● What this task involves:
When you copy the entries, omit the images and keep every word as it is.

* * *

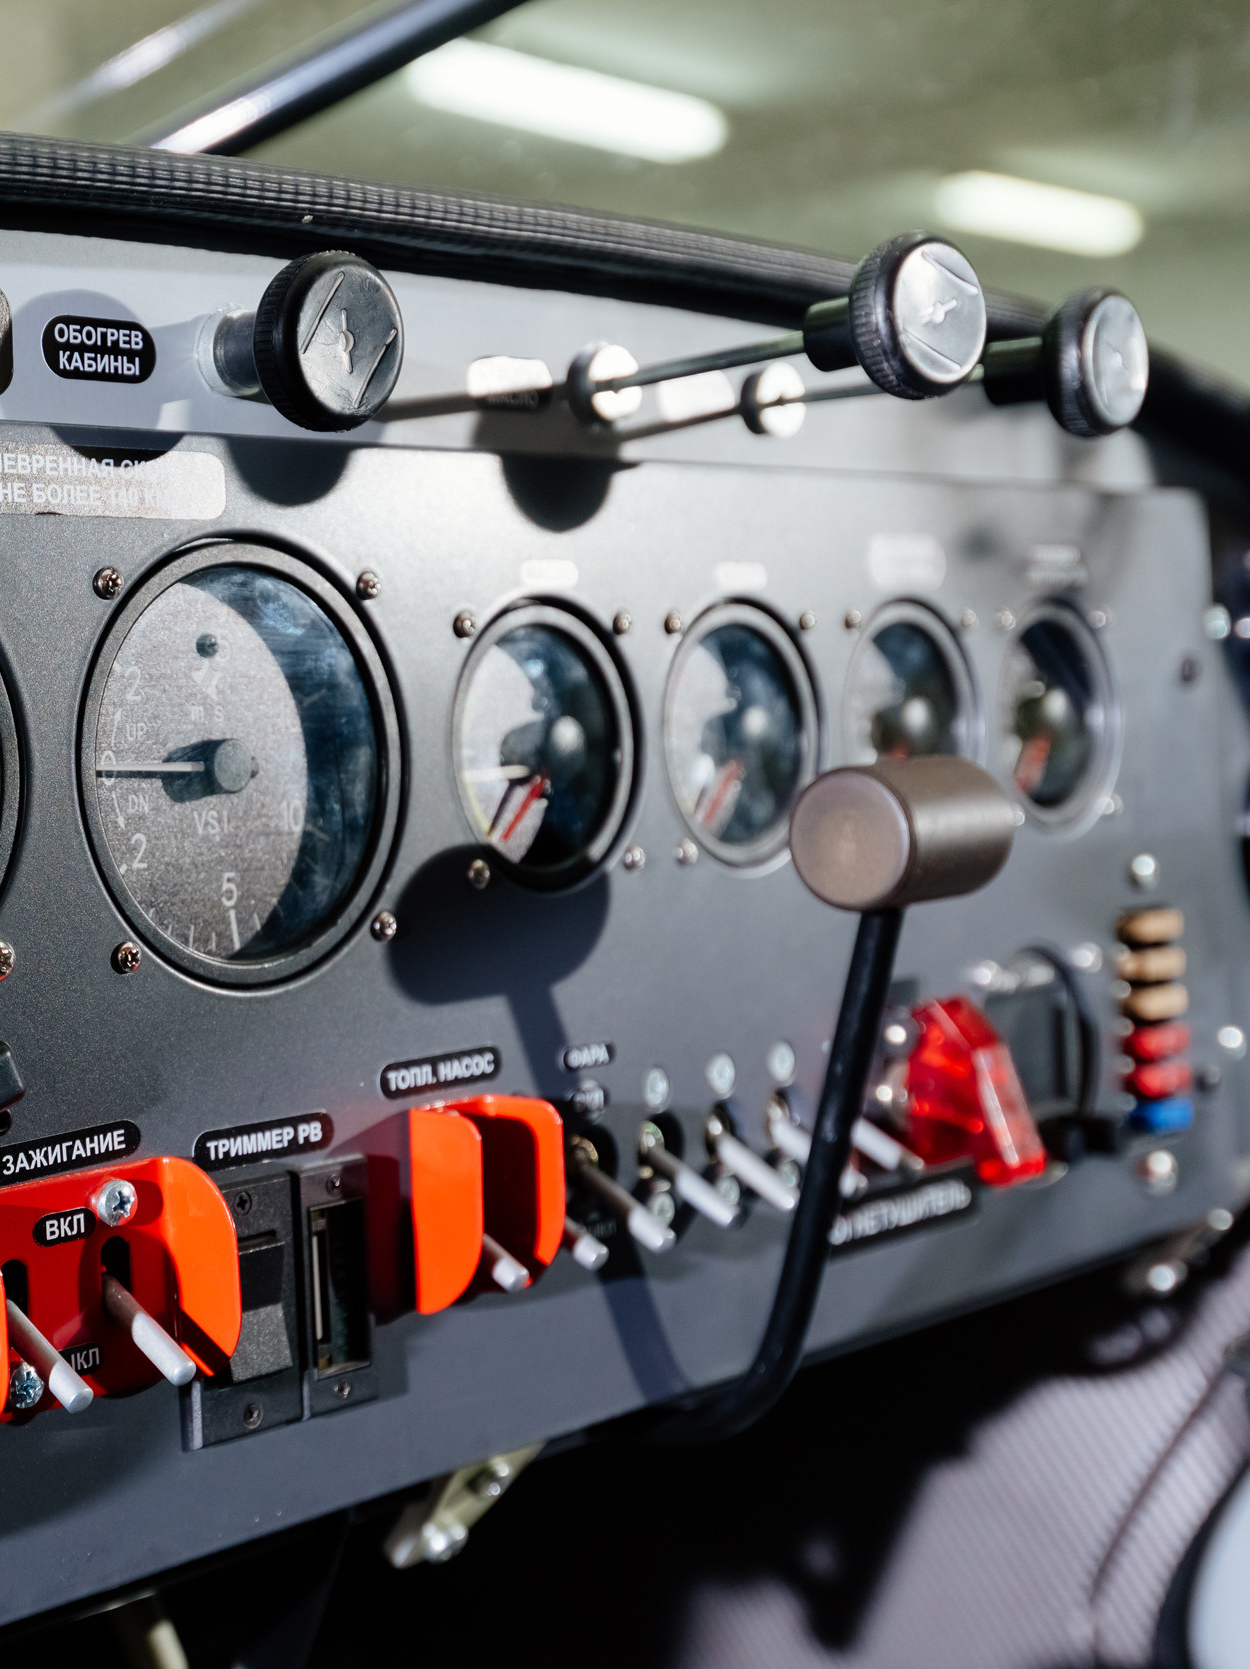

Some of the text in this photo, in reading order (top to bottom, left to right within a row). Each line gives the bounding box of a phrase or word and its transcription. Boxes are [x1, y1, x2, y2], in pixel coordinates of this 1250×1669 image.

[53, 322, 144, 350] ОБОГРЕВ
[58, 350, 140, 376] КАБИНЫ
[32, 483, 103, 507] БОЛЕЕ
[125, 722, 147, 742] UP
[127, 793, 150, 815] DN
[131, 832, 148, 869] 2
[221, 871, 238, 907] 5
[387, 1050, 495, 1092] ТОПЛ. НАСОС
[1, 1128, 127, 1177] ЗАЖИГАНИЕ
[206, 1120, 324, 1161] ТРИММЕР РВ
[44, 1212, 86, 1241] ВКЛ
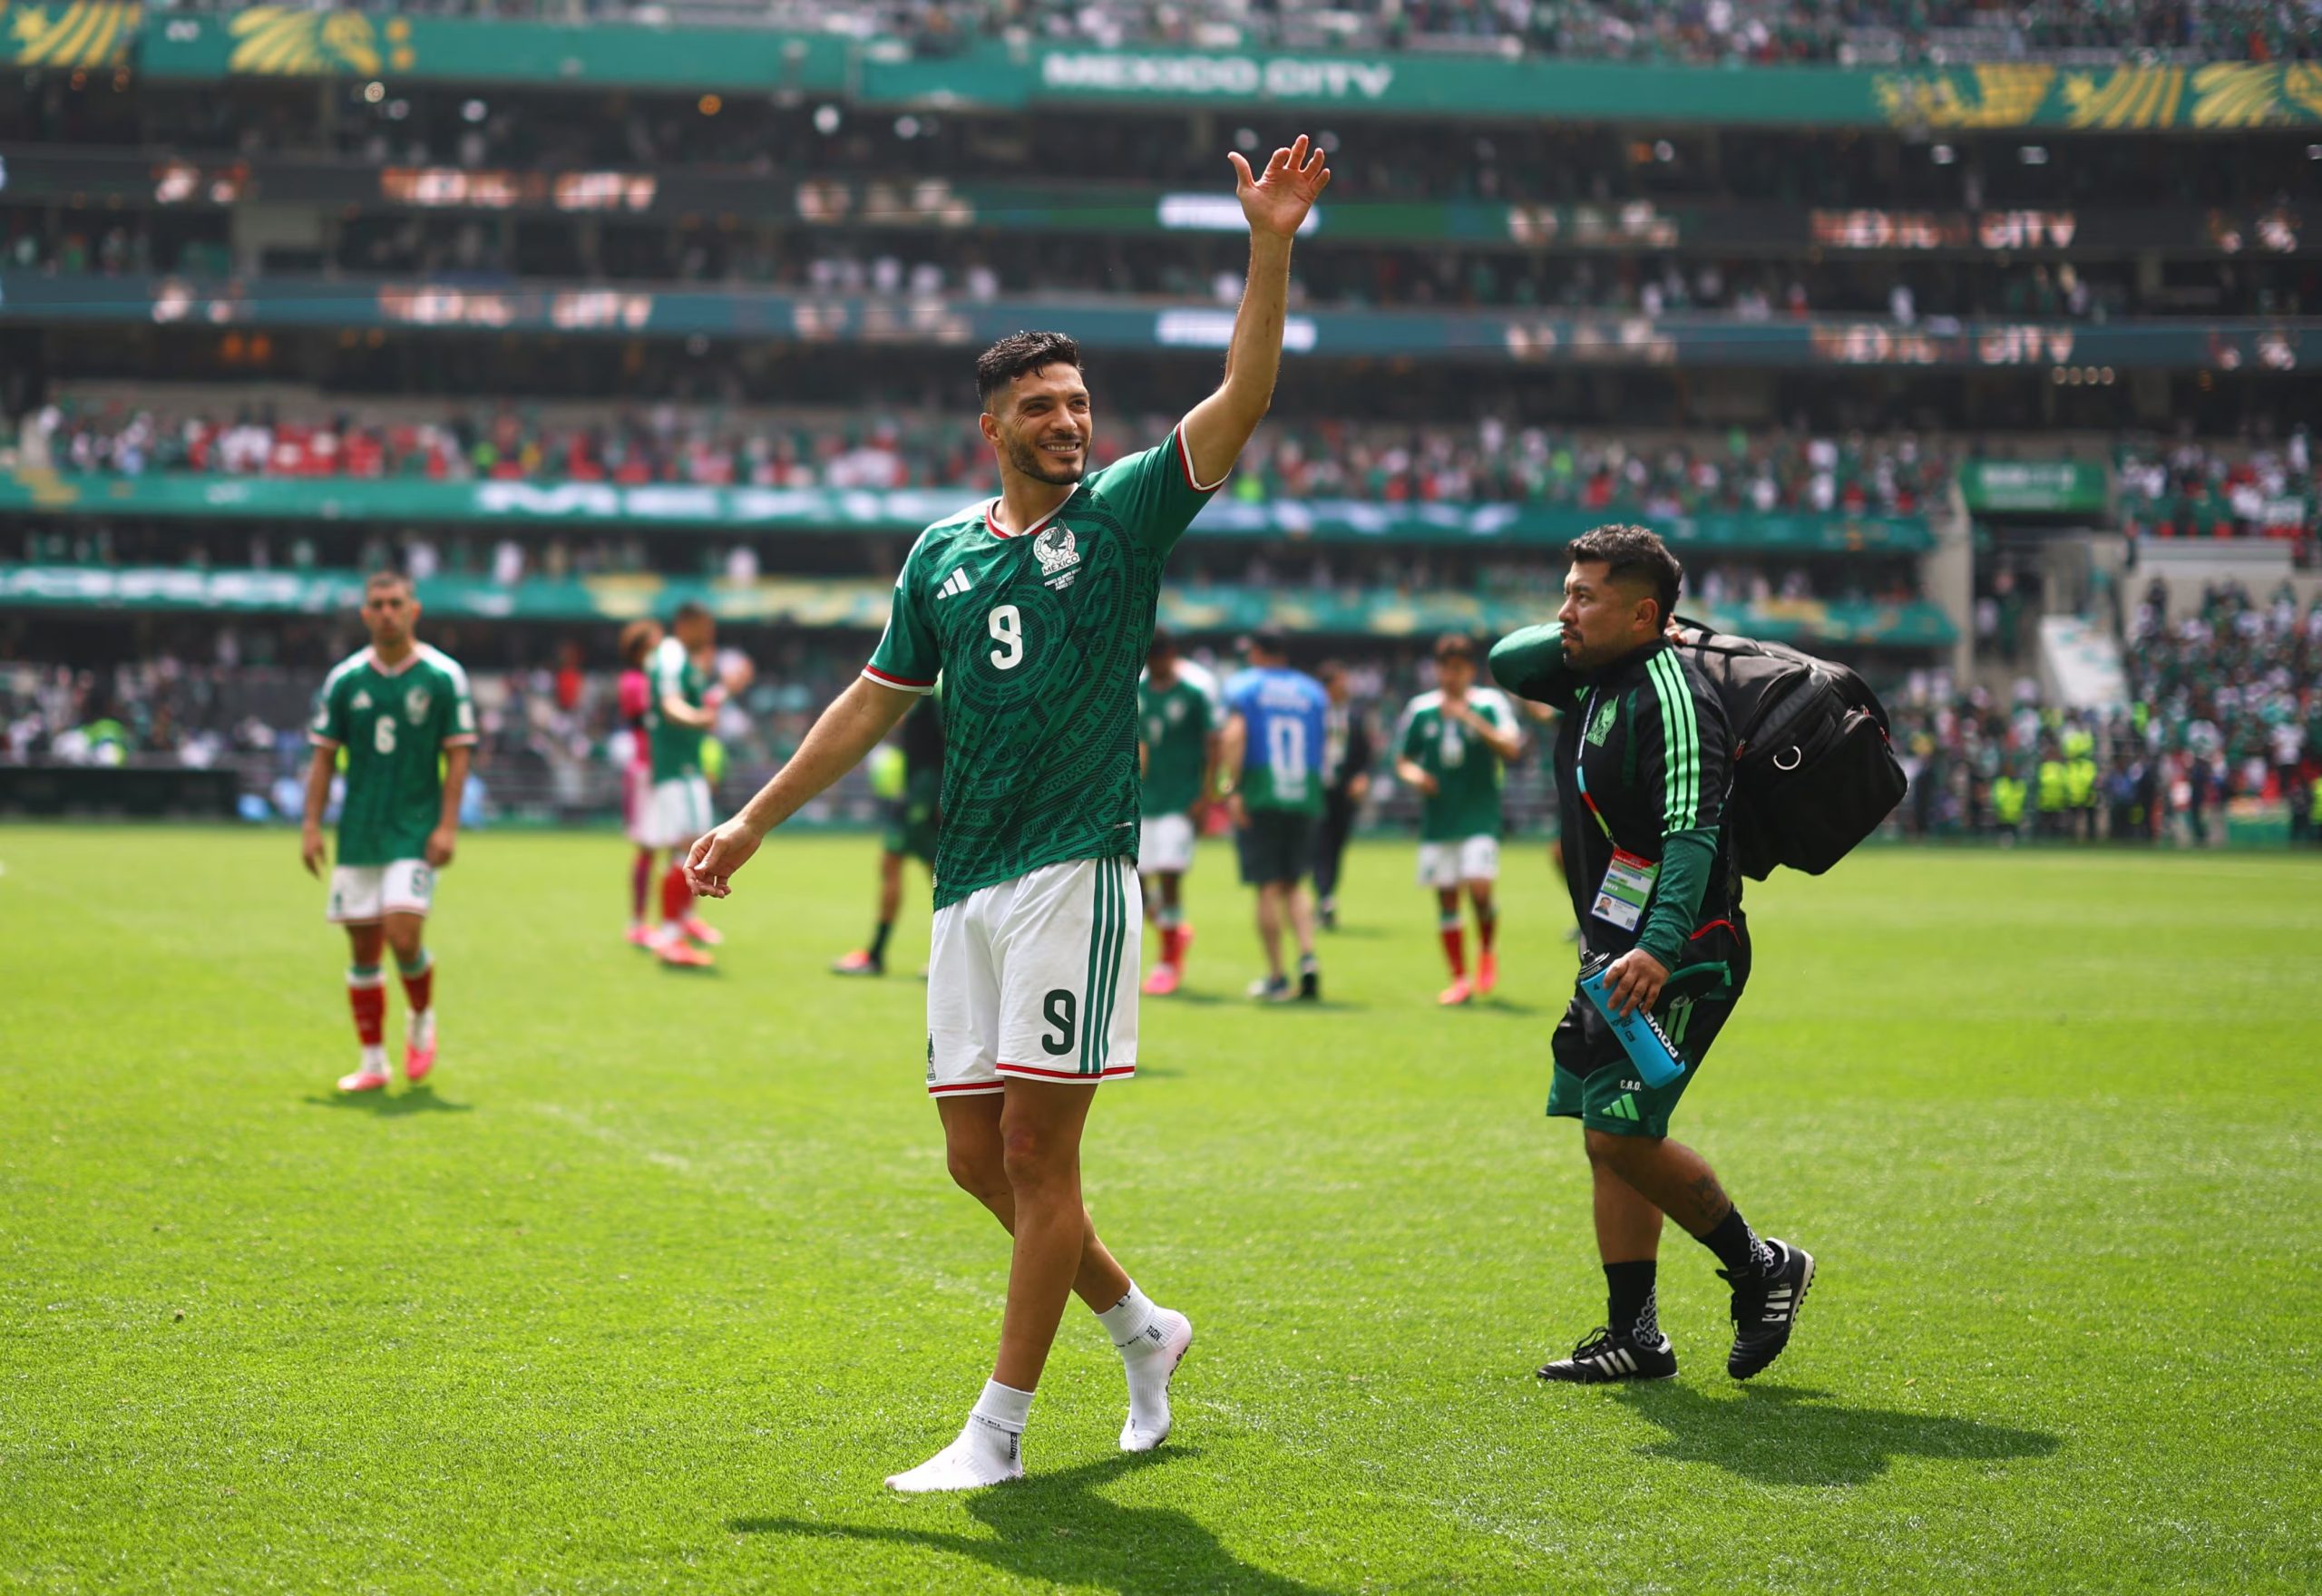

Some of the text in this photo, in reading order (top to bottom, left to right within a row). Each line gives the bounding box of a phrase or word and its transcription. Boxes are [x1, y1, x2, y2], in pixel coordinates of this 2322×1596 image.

[1043, 52, 1394, 98] MEXICO CITY
[988, 605, 1024, 670] 9
[374, 715, 397, 754] 6
[1042, 989, 1077, 1056] 9
[1639, 1000, 1679, 1059] POWE
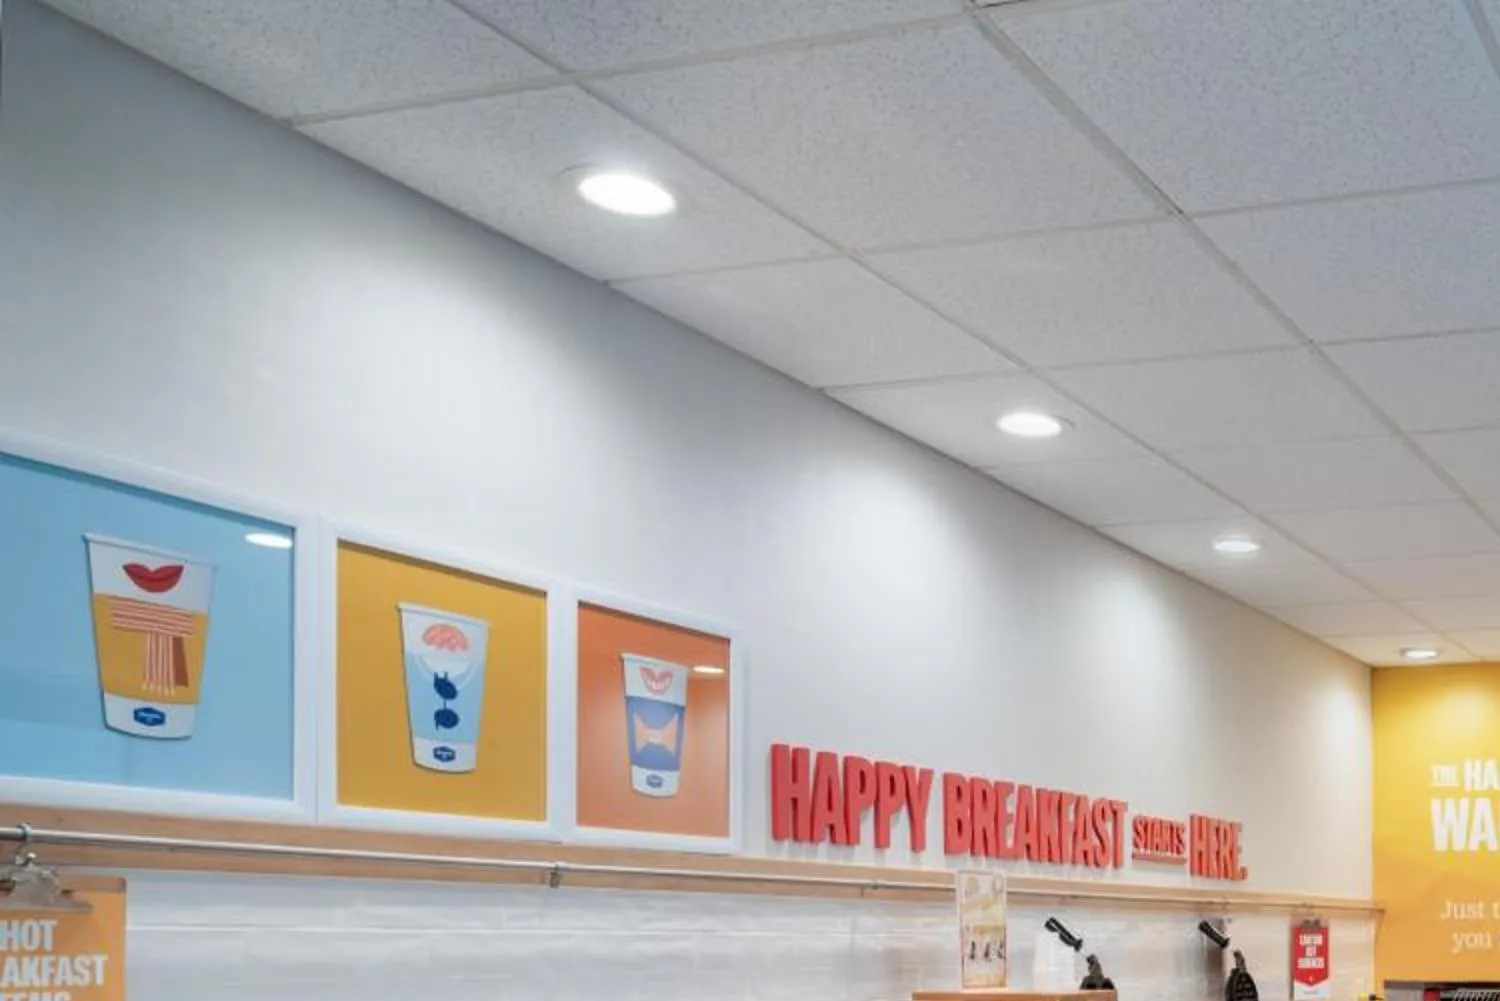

* * *

● Answer to this exercise:
Some of the text in this photo, in reading order (top to bottom, left to right within a row). Each line gives the bounding box of a phrase or word and its transcription. Boxes are [x1, y1, x2, y2], in pixel coordinates of this 1250×1669 image.

[53, 322, 144, 350] ОБОГРЕВ
[58, 350, 140, 376] КАБИНЫ
[32, 483, 103, 507] БОЛЕЕ
[125, 722, 147, 742] UP
[127, 793, 150, 815] DN
[131, 832, 148, 869] 2
[221, 871, 238, 907] 5
[387, 1050, 495, 1092] ТОПЛ. НАСОС
[1, 1128, 127, 1177] ЗАЖИГАНИЕ
[206, 1120, 324, 1161] ТРИММЕР РВ
[44, 1212, 86, 1241] ВКЛ

Some of the text in this photo, in reading order (top to bottom, left to right within a row). Each line gives the bounding box of a phrase or word and its transcription. Boxes are [x1, y1, x2, y2], in pixel coordinates of this 2322×1596 image.

[1043, 52, 1394, 98] MEXICO CITY
[988, 605, 1024, 670] 9
[374, 715, 397, 754] 6
[1042, 989, 1077, 1056] 9
[1639, 1000, 1679, 1059] POWE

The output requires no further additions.